• **Requirement**
Everything from the line containing "Some of the words" to the last line of the listing below, inclusive, is what you should output, exactly as it appears.

• **Exercise data**
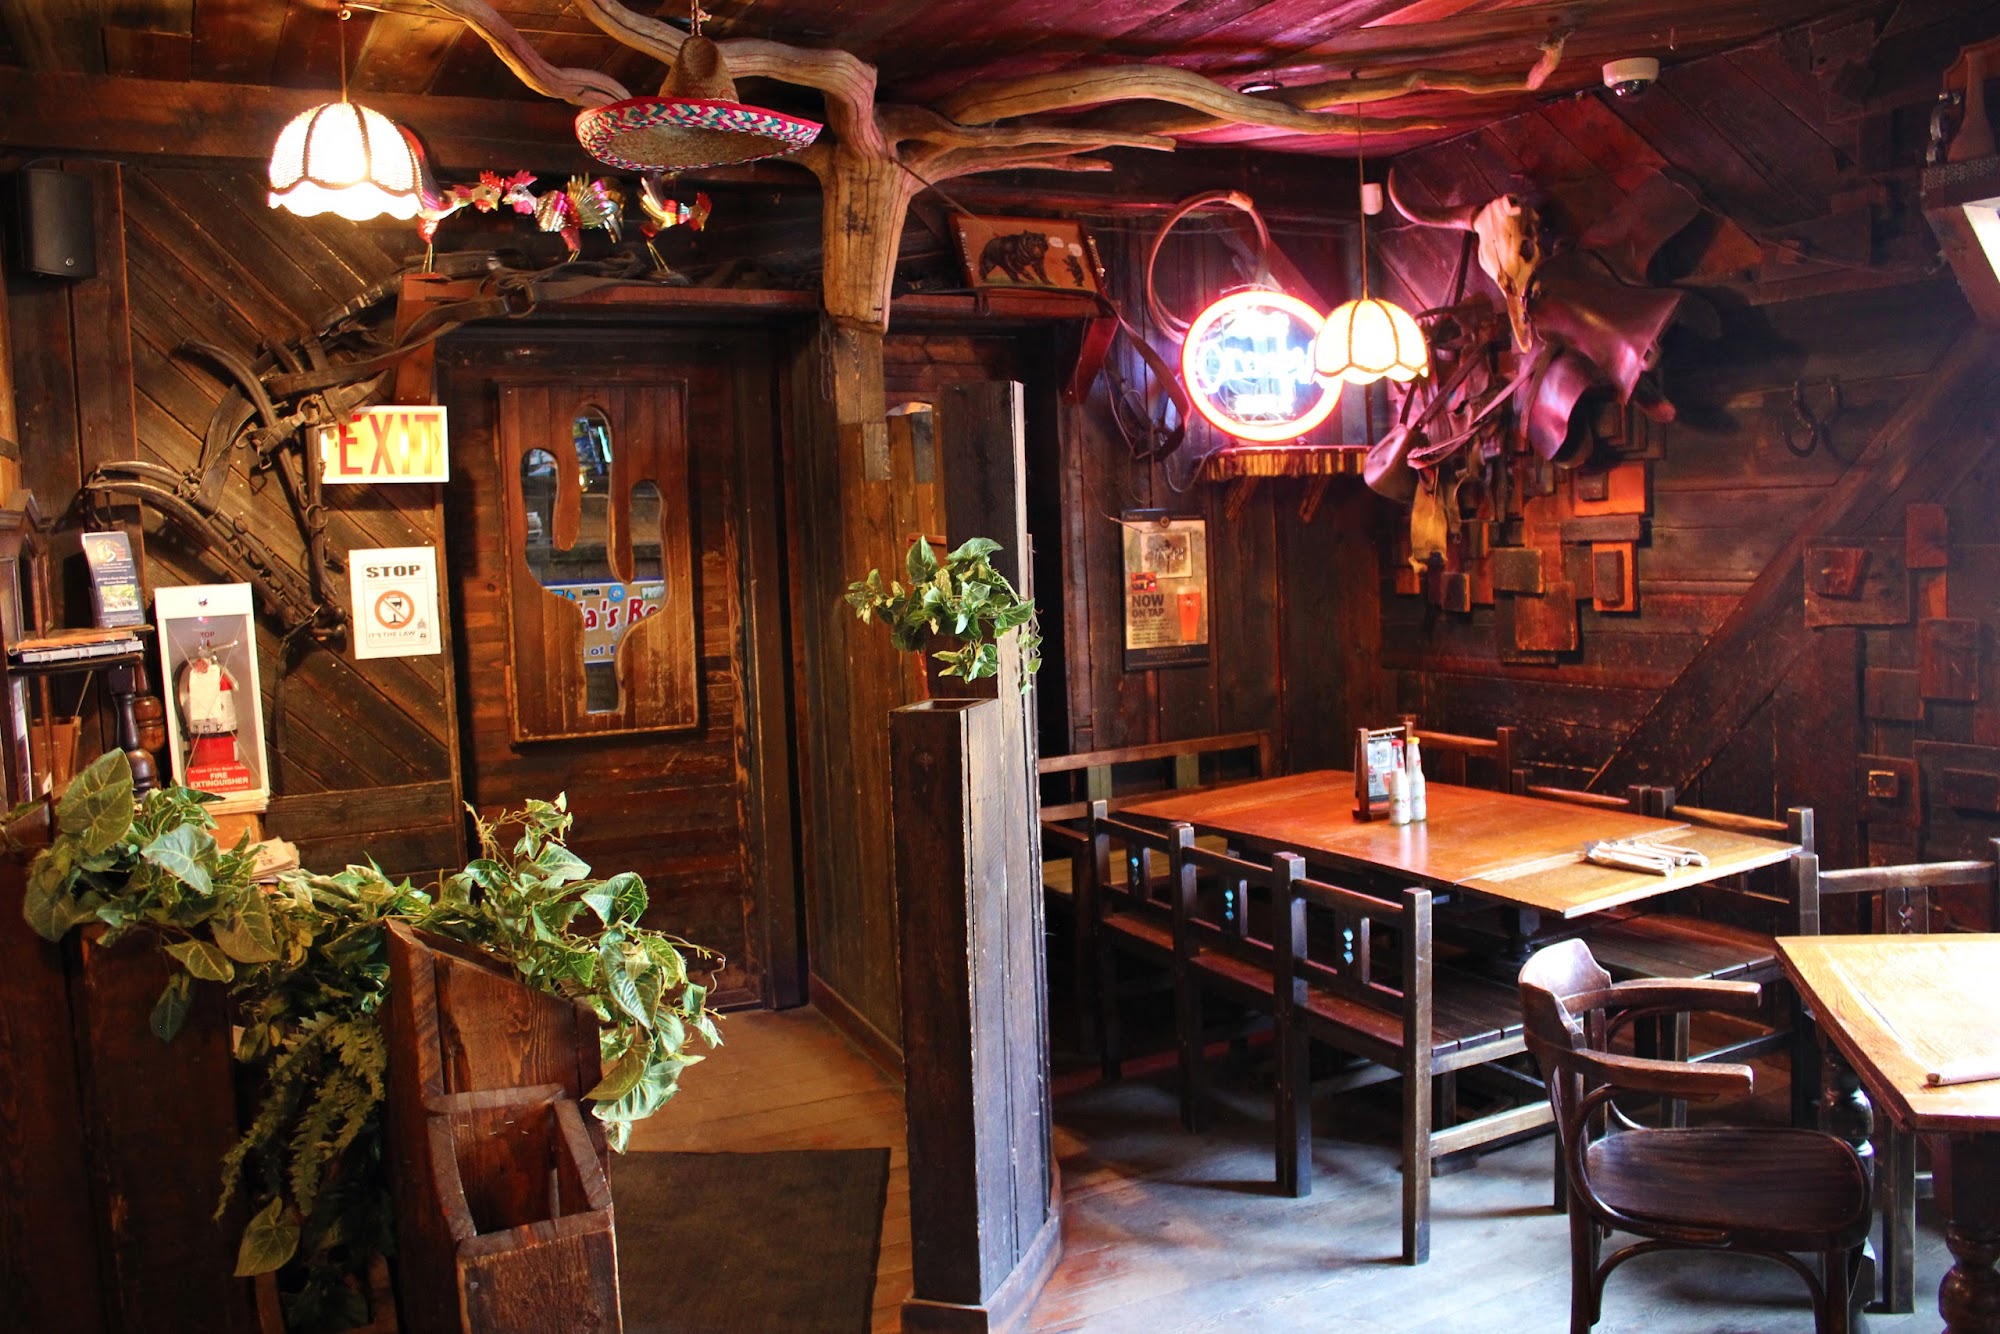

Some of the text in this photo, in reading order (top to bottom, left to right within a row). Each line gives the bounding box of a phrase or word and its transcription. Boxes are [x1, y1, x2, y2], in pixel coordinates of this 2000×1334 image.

[338, 414, 438, 475] EXIT
[366, 565, 421, 578] STOP
[1132, 594, 1164, 607] NOW
[579, 600, 619, 628] a's
[1132, 608, 1164, 618] ON TAP
[590, 646, 604, 656] of
[210, 772, 228, 780] FIRE
[190, 777, 248, 789] EXTINGUISHER
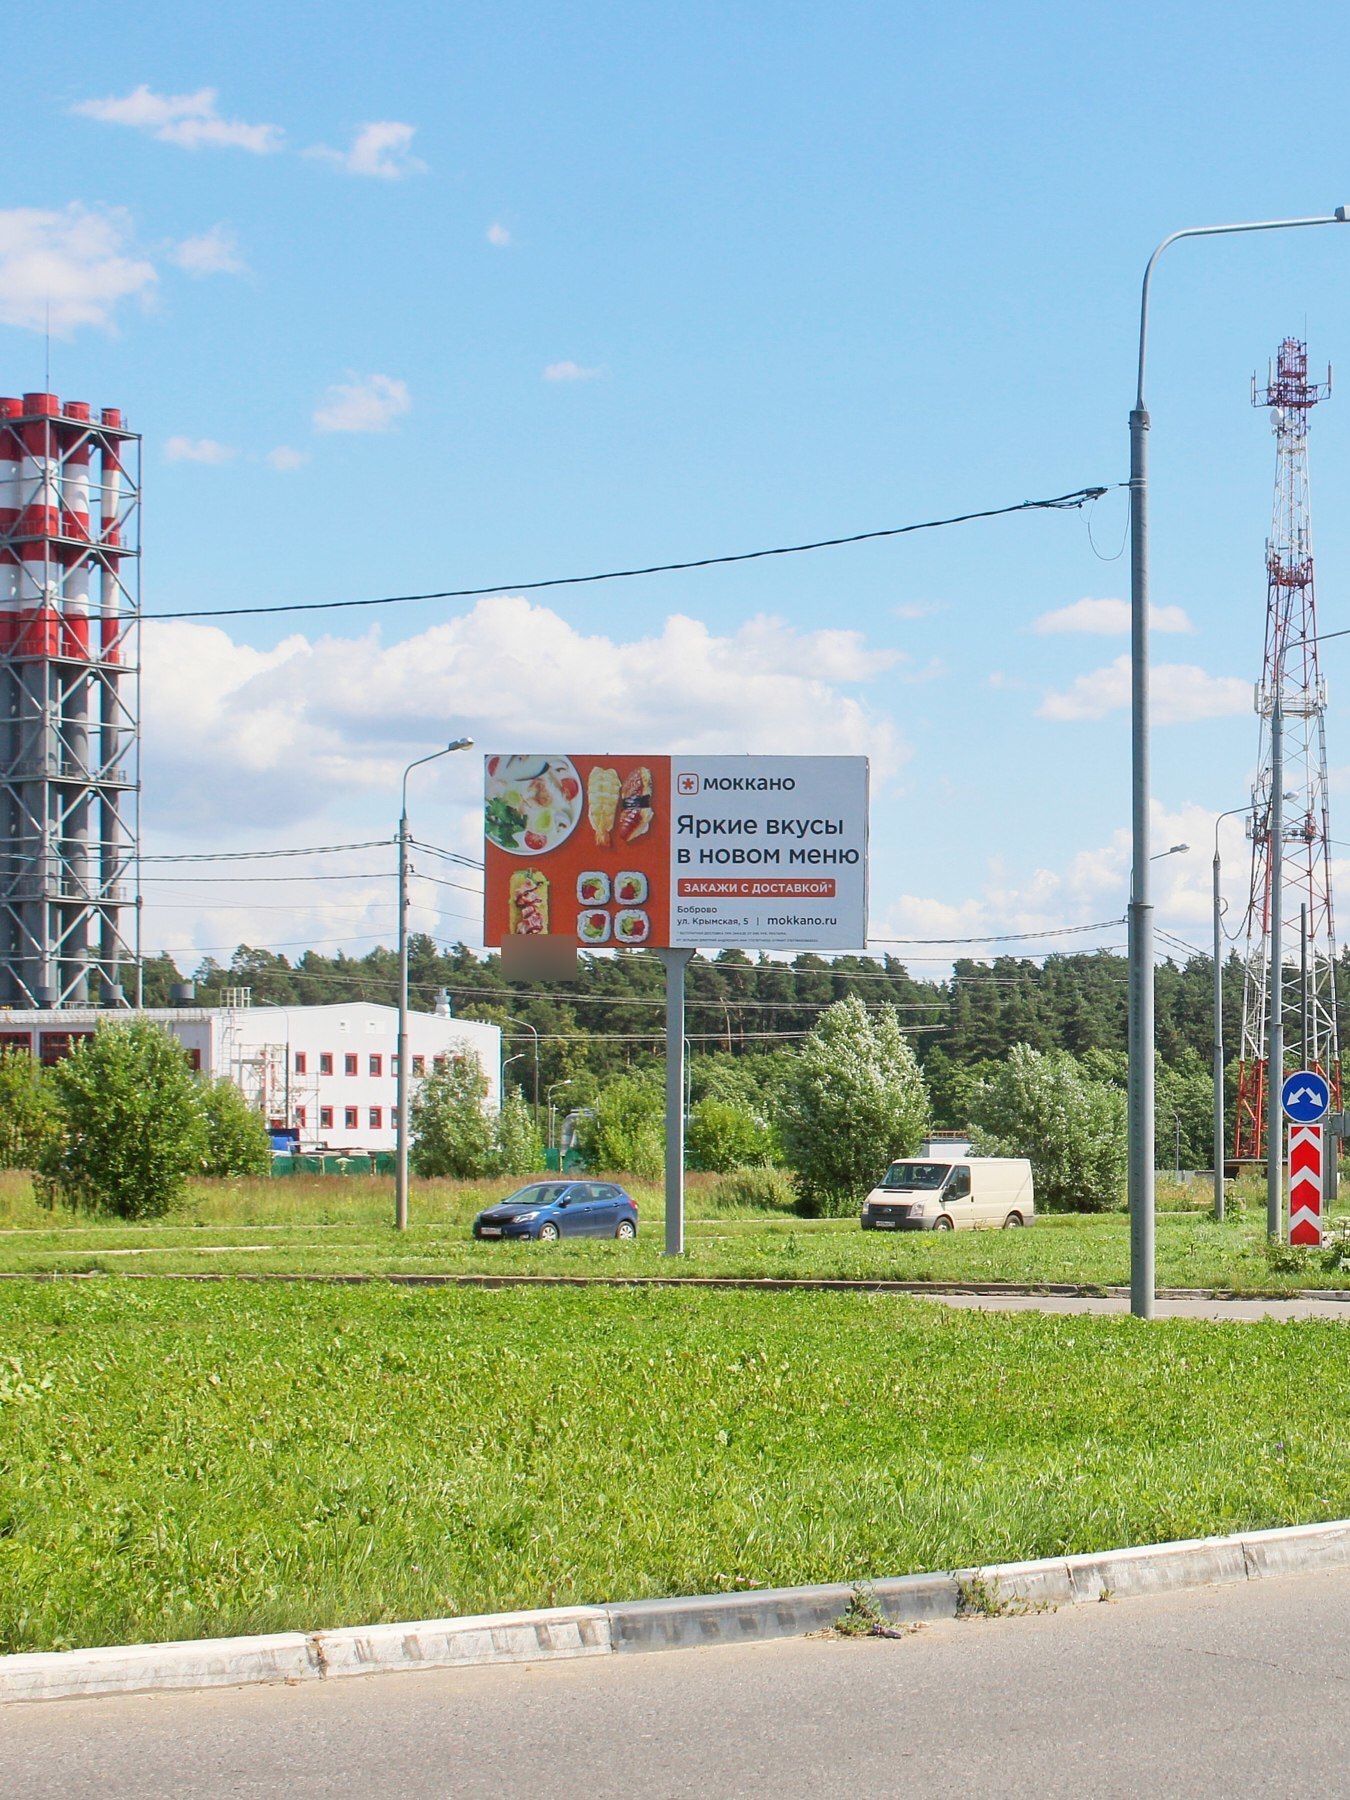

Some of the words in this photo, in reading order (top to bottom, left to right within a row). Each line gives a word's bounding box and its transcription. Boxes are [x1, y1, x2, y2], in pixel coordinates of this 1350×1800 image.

[677, 815, 758, 838] Яркие
[766, 818, 844, 838] вкусы
[677, 848, 691, 864] в
[700, 848, 780, 864] новом
[789, 848, 860, 864] меню
[684, 883, 738, 893] ЗАКАЖИ
[741, 883, 749, 893] С
[677, 905, 718, 915] Боброво
[677, 918, 690, 926] ул.
[692, 917, 741, 927] Крымская,
[743, 917, 749, 926] 5
[767, 915, 838, 926] mokkano.ru

• **Response box**
Some of the words in this photo, in reading order (top to bottom, left to right within a row). Each line gives a word's bounding box and its transcription. Boxes are [x1, y1, x2, y2], in pixel coordinates of this 1350×1800 image.

[677, 815, 758, 838] Яркие
[766, 818, 844, 838] вкусы
[677, 848, 691, 864] в
[700, 848, 780, 864] новом
[789, 848, 860, 864] меню
[684, 883, 738, 893] ЗАКАЖИ
[741, 883, 749, 893] С
[677, 905, 718, 915] Боброво
[677, 918, 690, 926] ул.
[692, 917, 741, 927] Крымская,
[743, 917, 749, 926] 5
[767, 915, 838, 926] mokkano.ru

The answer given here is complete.